Well, this is happening. IVF 2: Return of the Frozen Embryos is coming soon to a theater near you.
My sonohysterogram wasn't that bad, but then, I didn't remember it being anything to write home about after my first IVF either. If you look carefully you'll see that it doesn't even appear in my writing from that time except as a brief mention in my first post. I mean, there's a little bit of cramping and what I perceived as a deep burn from inside my uterus, but a partial list of things that hurt more than a sonohysterogram would include stubbing my toe, grazing my hand against a hot teakettle, and slicing open my thumb with the blade of an open pair of scissors (all of which I've done this week. Go me.) Yes, I was completely freaking out the whole time, but that's old news.

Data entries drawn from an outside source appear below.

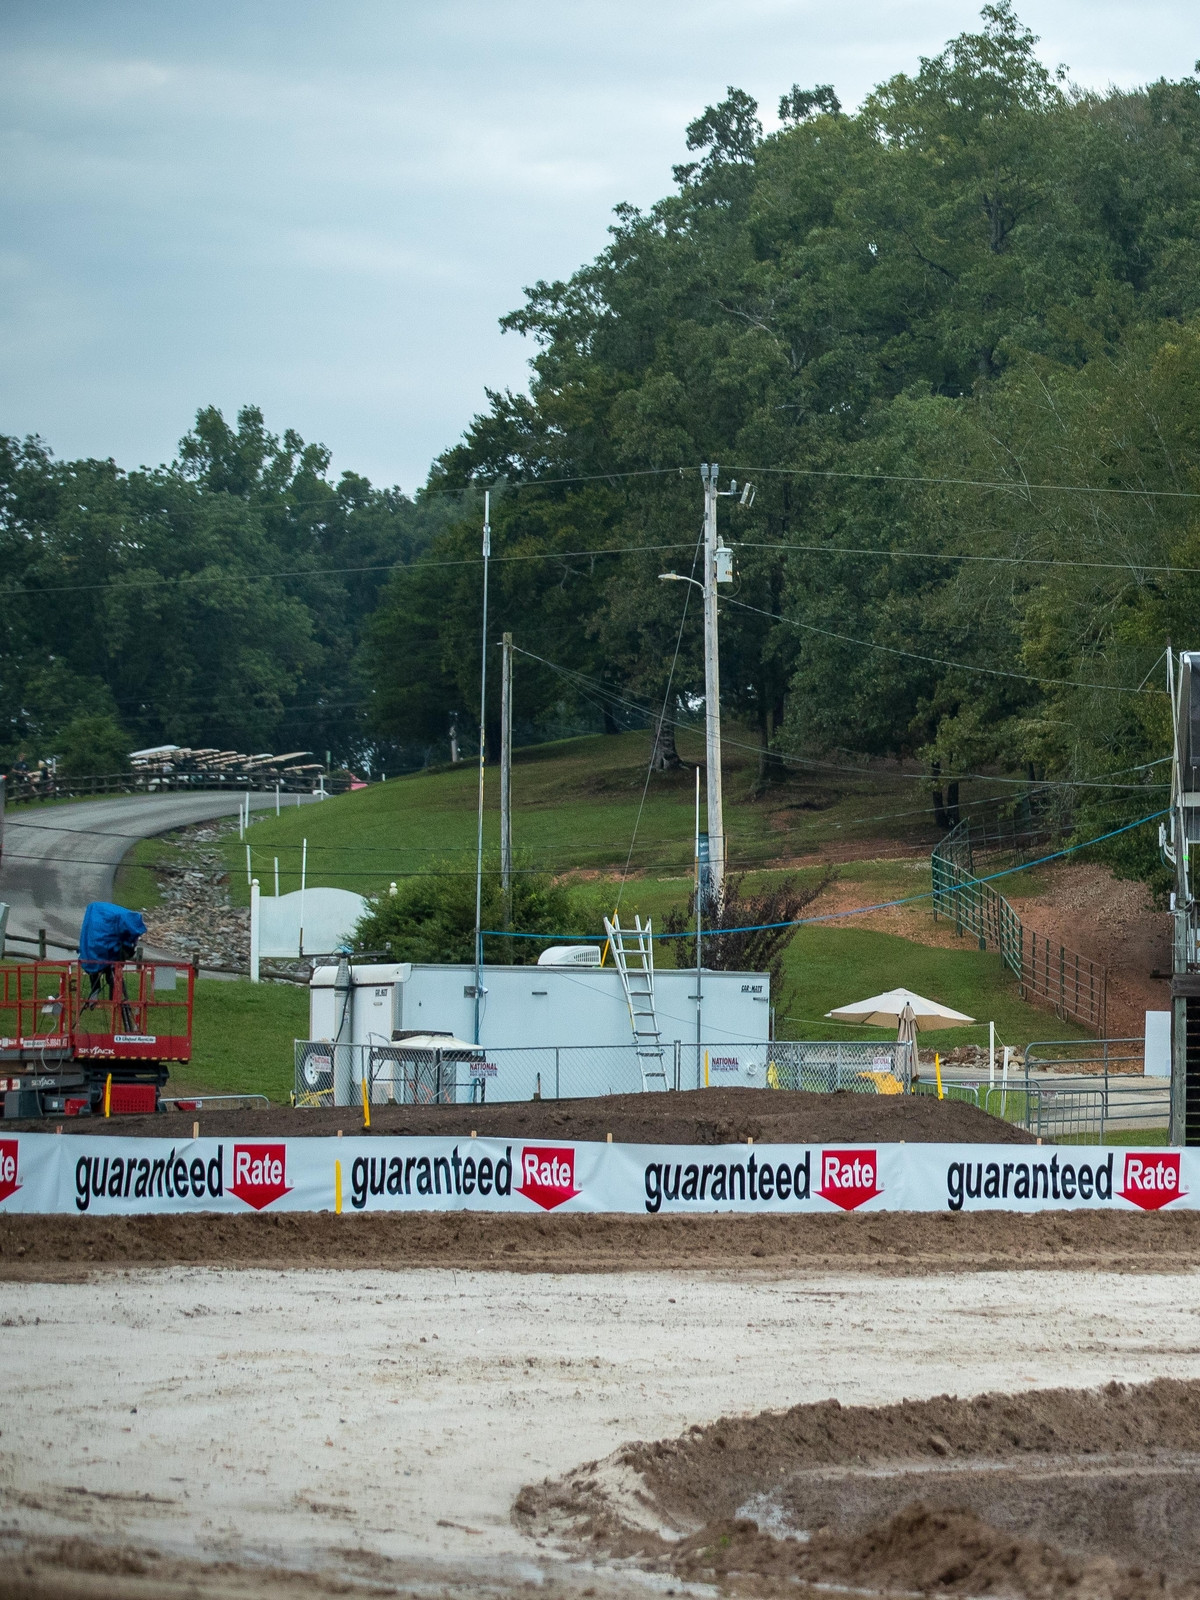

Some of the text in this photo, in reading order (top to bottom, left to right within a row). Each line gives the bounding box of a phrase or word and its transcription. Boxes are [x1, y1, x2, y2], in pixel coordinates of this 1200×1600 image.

[79, 1046, 115, 1055] SKYJACK
[76, 1145, 283, 1211] guaranteed Rate
[352, 1147, 571, 1210] guaranteed Rate
[645, 1152, 874, 1213] guaranteed Rate
[948, 1153, 1178, 1211] guaranteed Rate

More interesting was what the test found - my uterus is fine and dandy, but my ovaries are back to making trouble. They were so quiet for so long but it's clear now that when I stopped nursing back in August, the mini-pill alone was not enough to stop me from ovulating, and there was evidence of that on the scan- including a brand new cyst. It's on my right ovary, 4 cm, and in an interesting departure from our usually scheduled programming, may not be an endometrioma. The current theory is that it's a simple ovarian cyst common in women of reproductive age, so it may go away on its own (shrink? rupture? nobody seems to want to discuss that with me...) and the only real risk is that if its a functional cyst then it could mess with my hormones at the end of my upcoming 20 days on lupron.

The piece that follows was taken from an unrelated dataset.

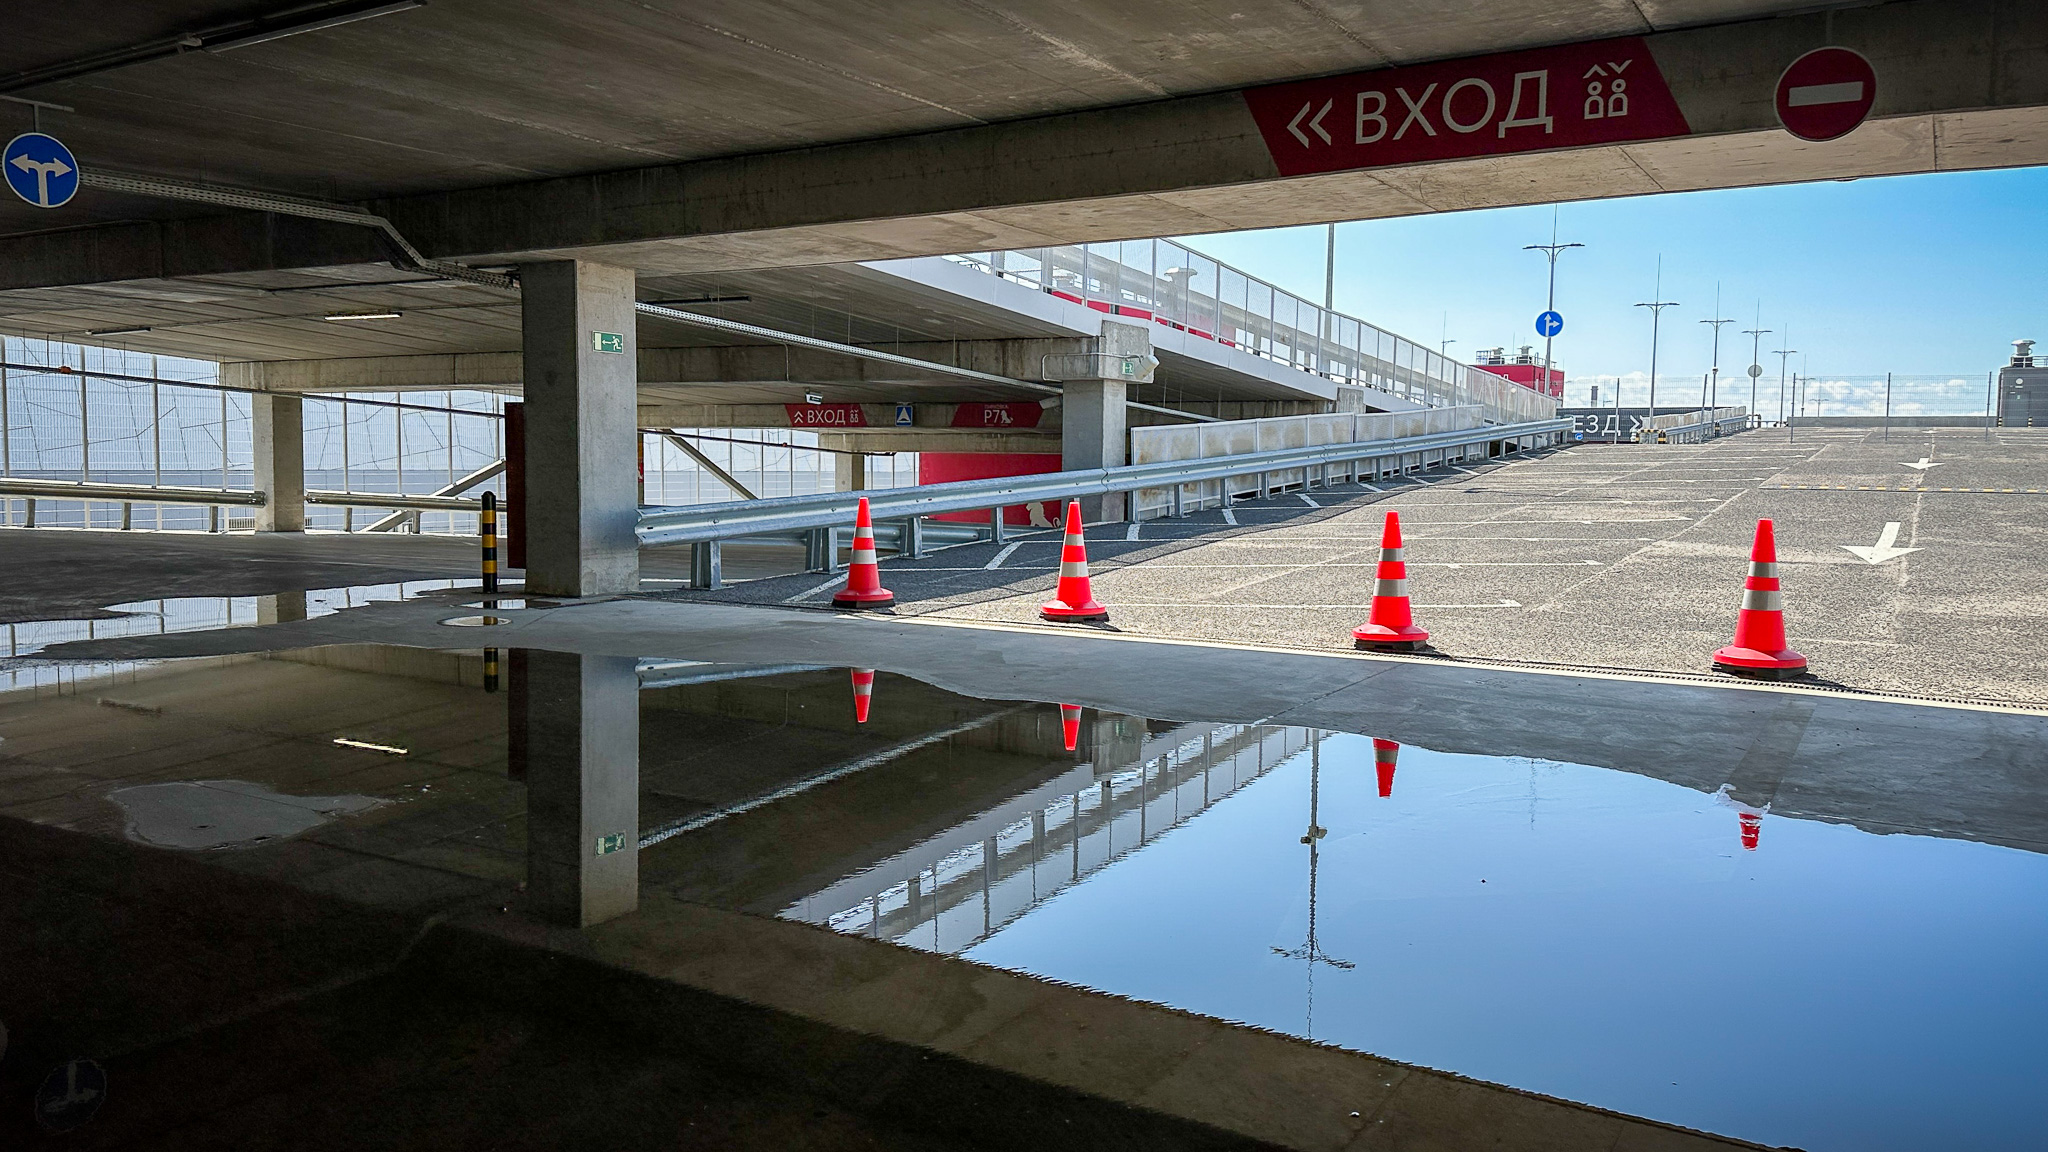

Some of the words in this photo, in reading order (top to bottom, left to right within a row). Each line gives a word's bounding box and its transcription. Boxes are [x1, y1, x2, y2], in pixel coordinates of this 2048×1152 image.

[1354, 69, 1554, 145] ВХОД
[807, 409, 846, 426] ВХОД
[984, 409, 1000, 424] P7
[1571, 414, 1622, 437] ЕЗД

Wait, what? Lupron? Already? Yes, friends, I will start it later this week. Almost one year to the day after the birth of my beloved first child, I will begin injecting myself again with drugs in an effort to give him a sibling. I thought we had more time before this whole process started again, I really did. Can I really do this again? Can I disrupt my life, my husband's life, and now my child's life by going through the same terrible process as in 2011-12? Getting this diagnosis meant choosing the best of a series of bad options for my body going forward. I hate that, basically, my kids are wrapped up in those choices. There are two separate decisionmaking processes here and in an ideal world we could tackle them separately: first, what should I do to keep my body as healthy as possible for as long as possible? And second, do we want to add another member to our family?

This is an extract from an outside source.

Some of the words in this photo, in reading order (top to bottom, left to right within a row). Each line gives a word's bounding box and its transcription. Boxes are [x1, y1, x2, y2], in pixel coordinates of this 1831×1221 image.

Our decision is to move forward with the FET in early December. It's a compromise in a lot of ways but I hope and pray that it's the beginning of the end of this whole IVF nightmare. A huge amount of questions remain unanswered - will our incredible luck hold, and will I get pregnant again? If this cycle doesn't work, will attempt another one? If this cycle does work, and we still have an embryo or two left in the freezer, will we try for yet another pregnancy? How far am I willing to go to try to reproduce before I give up, hug my child and husband tight, and wait to see what my body does next?